This Sunday is the Balloch to Clydebank half-marathon, one of my favourite races. It starts beside a shopping centre, dodges through the grimier parts of Alexandria, weaves through the back of Dumbarton train station before finishing with the bookies, chippies, an industrial estate and a car park in Clydebank. It must be the only race that starts with one of Scotland’s most beautiful spots – Loch Lomond – and immediately turns its back on it and runs as far away from it as it can.
I love this race though for one reason – for almost all of the 13 miles it feels like you’re running downhill. You can’t ask for a better start to the year, even if you couldn’t find a less welcoming finish.
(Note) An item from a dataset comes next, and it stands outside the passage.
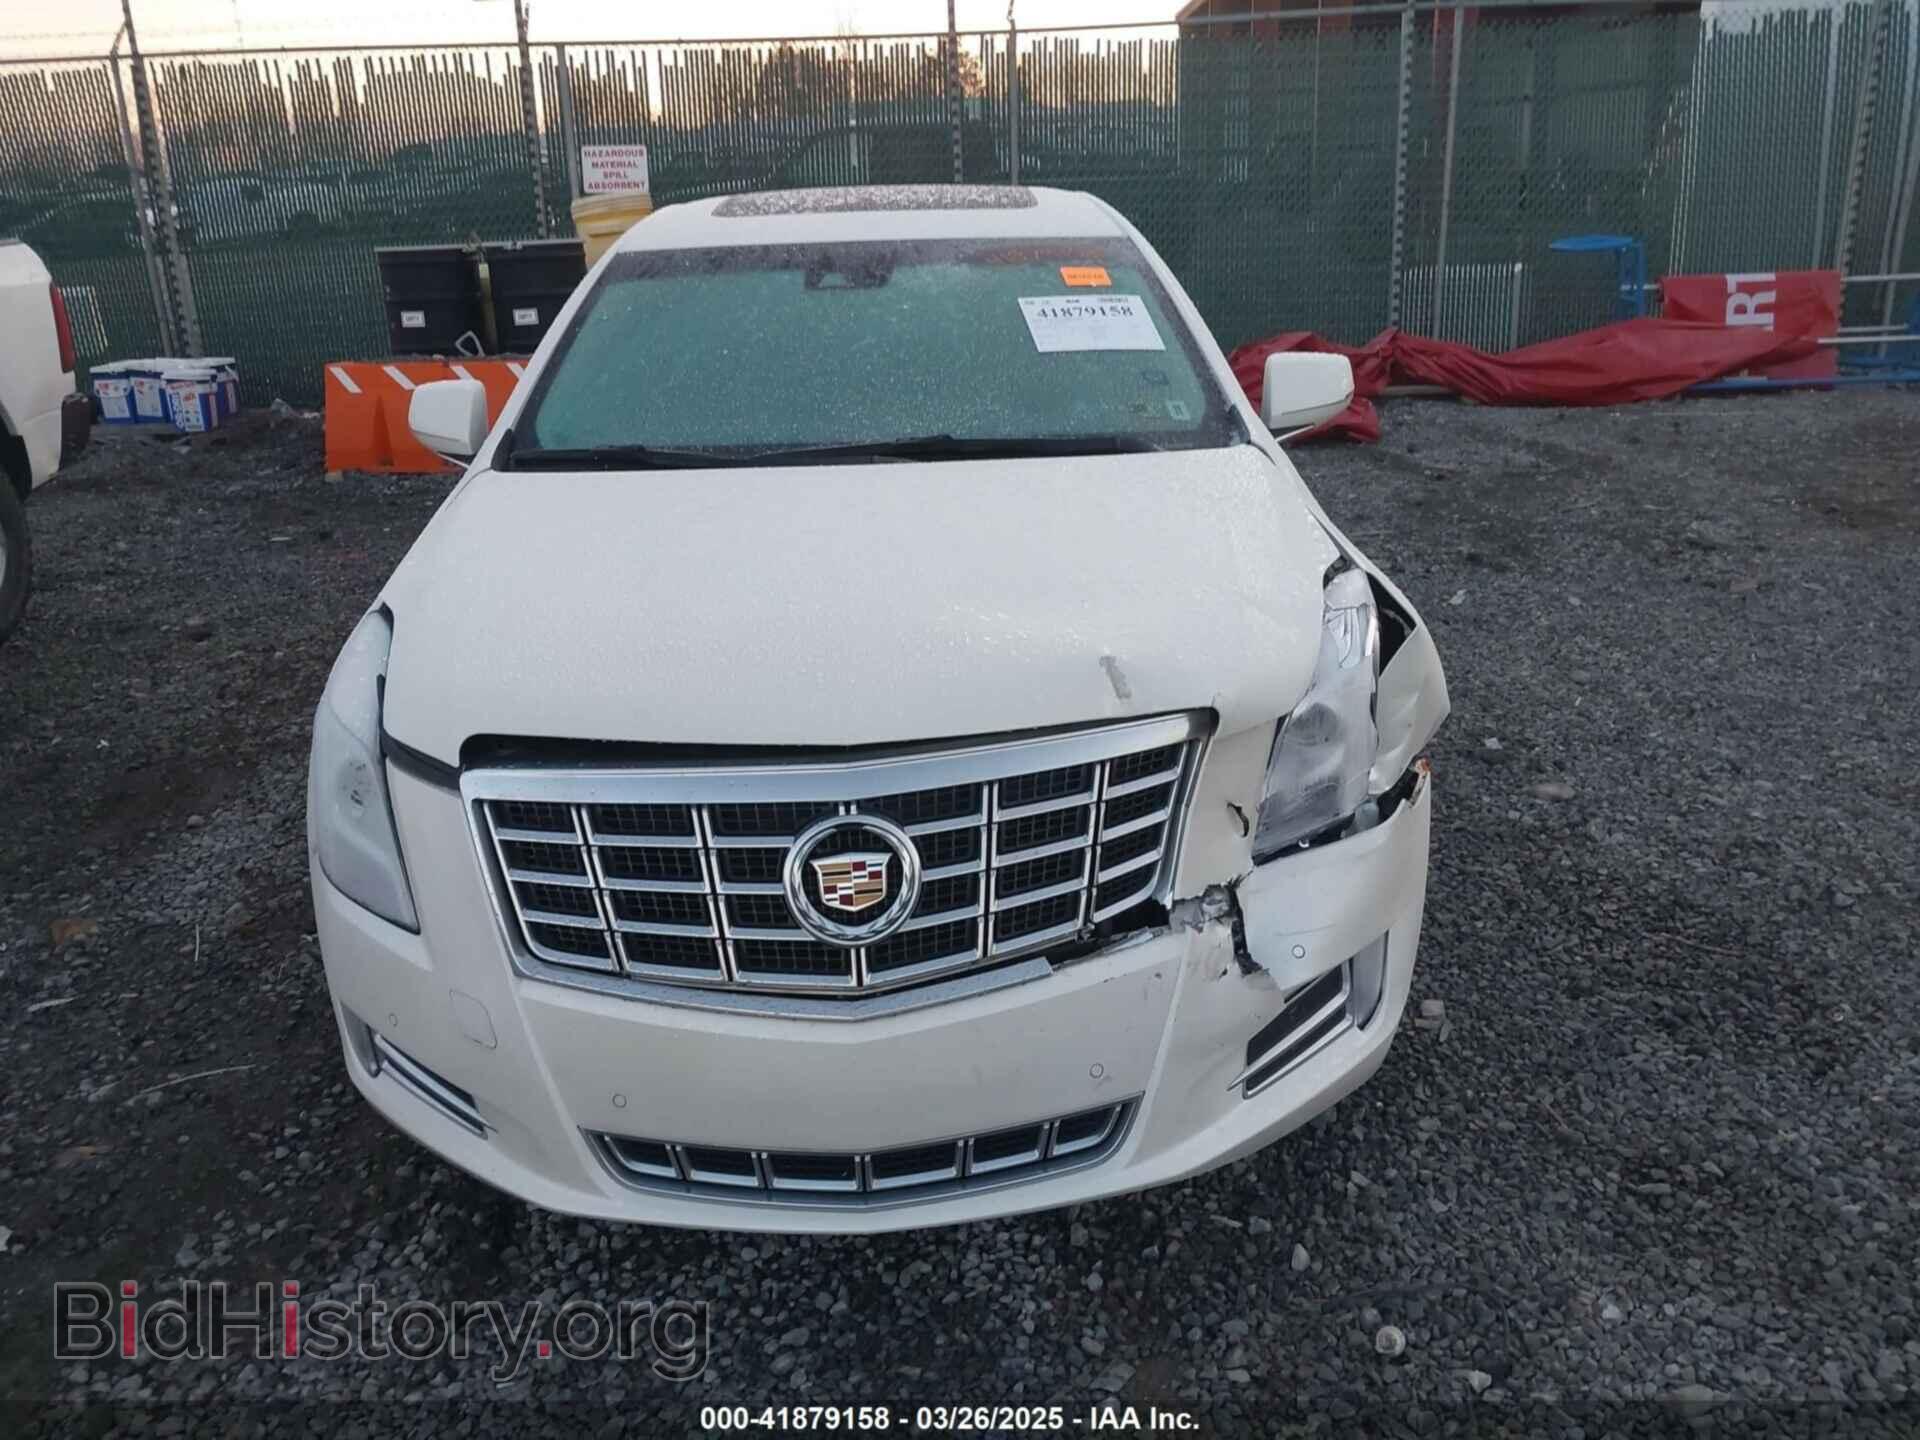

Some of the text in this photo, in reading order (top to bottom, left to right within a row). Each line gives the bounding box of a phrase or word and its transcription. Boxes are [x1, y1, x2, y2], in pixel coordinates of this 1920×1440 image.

What you also can’t ask for is dry weather. I don’t think I’ve ever run this race without it raining. Once it was even snowing (the race was cancelled). This year however it looks like we’ll finally have a dry day, at least if the weather reports are accurate. So far I’ve checked BBC Weather, the Weather App, The Met Office and checked them again an hour later in case its changed.
Even though there’s nothing we can do about the weather I think runners and cyclists like to check it constantly anyway just in case it might rain. I think its so that when we get to the start line we can say “I told you it would rain” and look smugly at those who’ve just turned up in singlets and goosebumps. We, on the other hand, are dressed in the latest Gore-tex bin bag. We have waterproof socks. Some of us even have caps (though not anyone who has any dignity or self-respect). We’re prepared. And then we overheat and wish we hadn’t brought all this kit…. but at least we were right! It did rain.
But not this year. This year the Balloch to Clydebank half-marathon will be dry. Unless the weather’s changed in the last hour. I’d better check.